Unless you are really bored, watching a bunch of marbles rolling around may not sound that appealing. However, one should never underestimate the power of a desperate Formula One racing fan. Apparently, competitive marble racing has emerged as a new favourite method to amuse one’s self. To be honest, the COVID-19 virus, leading to the cancellation or postponement of many major sporting events can do that to a person.
Marble racing is completely devoid of human interaction, so there is plenty of social distancing. In fact, it is the perfect ‘sport’ to enjoy while the coronavirus runs its course. The races feature colourful marbles rolling through intricately detailed courses until they’re either knocked out or reach the finish line.
Admittedly, marble-racing did not start just to fill up the sports entertainment void. YouTubers Jelle and Dion Bakker started the popular YouTube channel Jelle’s Marble Runs and founded the Marble League in 2016. Other racing event include the marble version of Formula One, aptly name Marbula One, and Marble Rally).

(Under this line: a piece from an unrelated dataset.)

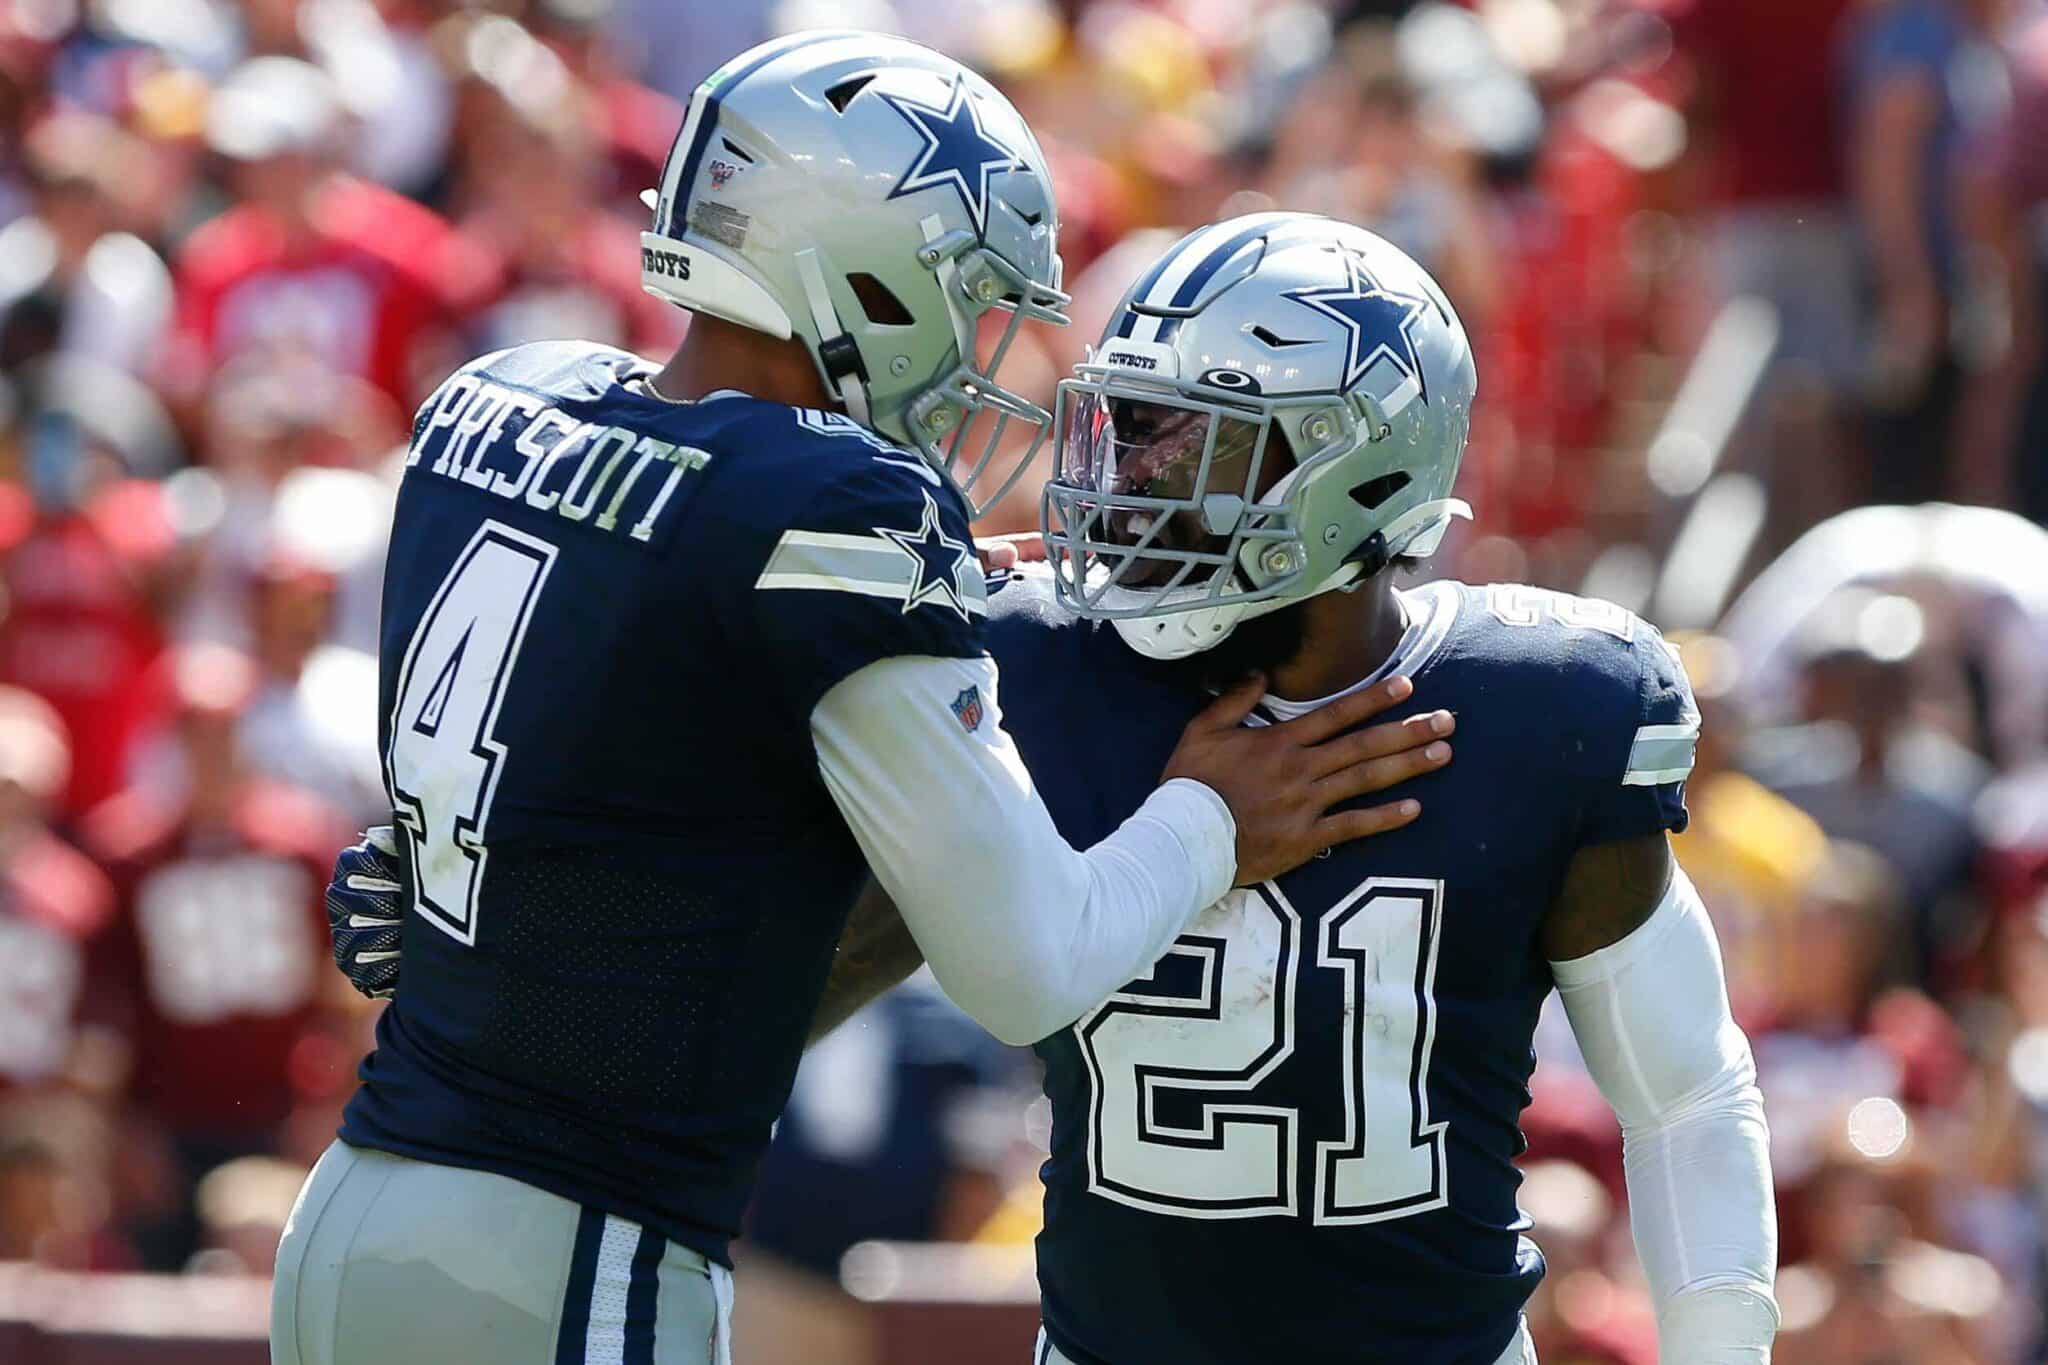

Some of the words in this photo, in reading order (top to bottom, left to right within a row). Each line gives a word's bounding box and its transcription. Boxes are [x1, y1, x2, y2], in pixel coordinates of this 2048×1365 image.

Jelle specializes in building elaborate tracks for racing multiple marbles. He told Vice in 2016, “I have a form of autism and I’m really interested in moving things, sounds, lights, et cetera.”
The Marble Rally and Marbula One events are primarily single marble competitions. However, there is a team event called the MarbleLympics. From 16 different events, teams earn points based on position and there is a qualifier for the MarbleLympics.
The top three teams automatically qualify as does the host team, leaving 12 open spots. It is also worth mentioning that the commentator for the event is Greg Woods, who’s commentary is like listening to professional sports commentary.
According to a fan, the sport can provide s great getaway from thinking about and fearing the coronavirus outbreak. For fans new and old, the Marble League 2020 season will commence in June.
Luckily, people can catch up to the current season or even visit older videos for some fun. Until then, Formula One fans have to find various ways to amuse themselves if they run out of throwback F1 videos.